Discourse on the Shang religion was found in the writings of the Han dynasty (202 BC – 220 AD) historian Sima Qian, a millennium after the dynasty's fall. Sima claimed that the Shang were marked by their utmost devotion to divination and sacrifices, and had decayed from the mark of piety into a state of superstition, which Burton Watson considered substantiated claims that resonate with evidence collected from modern archaeology. Sima Qian appeared to be informed about some Shang divinatory practices, including the disposal of used oracle bones. Sima's posthumous names in terms of both stem and prefix for Shang kings largely match those given by the Shang inscriptions. However, his description of the Shang religion is not without flaw, as it was coloured with characteristics of the Han dynasty during which Sima lived.

Zu Jia's ritual reforms are never mentioned in Sima Qian's writings – which describe his reign as one of disorder and immorality – suggesting that the reforms were unknown to the composers of the traditional accounts who lived centuries after Zu Jia. Sima Qian's accusation of disorder might have originated from propaganda of the Predynastic Zhou who possibly regarded Zu Jia's ritual reforms as a threat, or from that of Zu Jia's opponents who were against his empowerment of mainline kings.
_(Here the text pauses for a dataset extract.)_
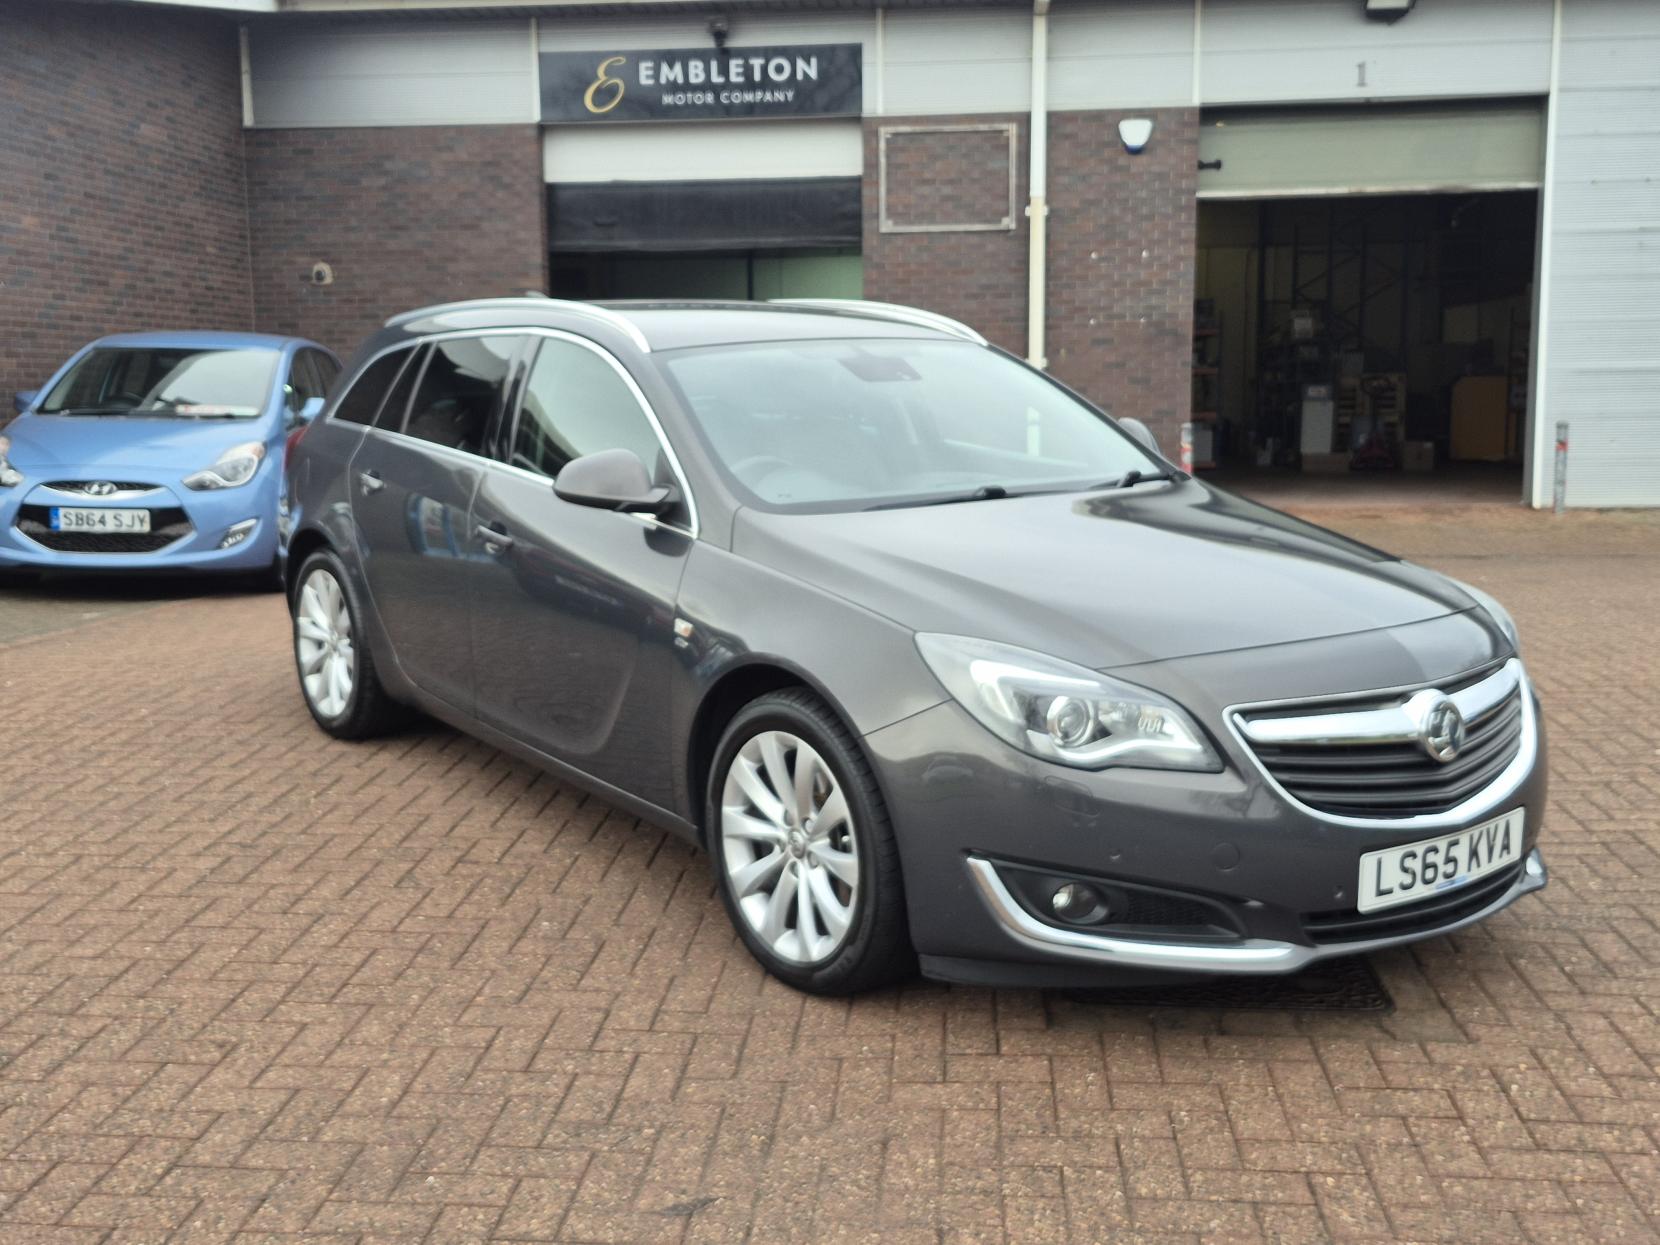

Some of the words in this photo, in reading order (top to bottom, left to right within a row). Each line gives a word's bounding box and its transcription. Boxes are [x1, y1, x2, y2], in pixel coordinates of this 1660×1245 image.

=== Jin dynasty accounts ===

References to the Shang tradition of yearly ritual cycles are found in a fourth-century commentary to the Erya, written by the Jin dynasty scholar Guo Pu. The account claims that the Shang conducted the major sacrificial cycle si which lasted for 'four seasons', suggesting that knowledge of the Shang ritual calendar and its association with a solar year was preserved to the Imperial era.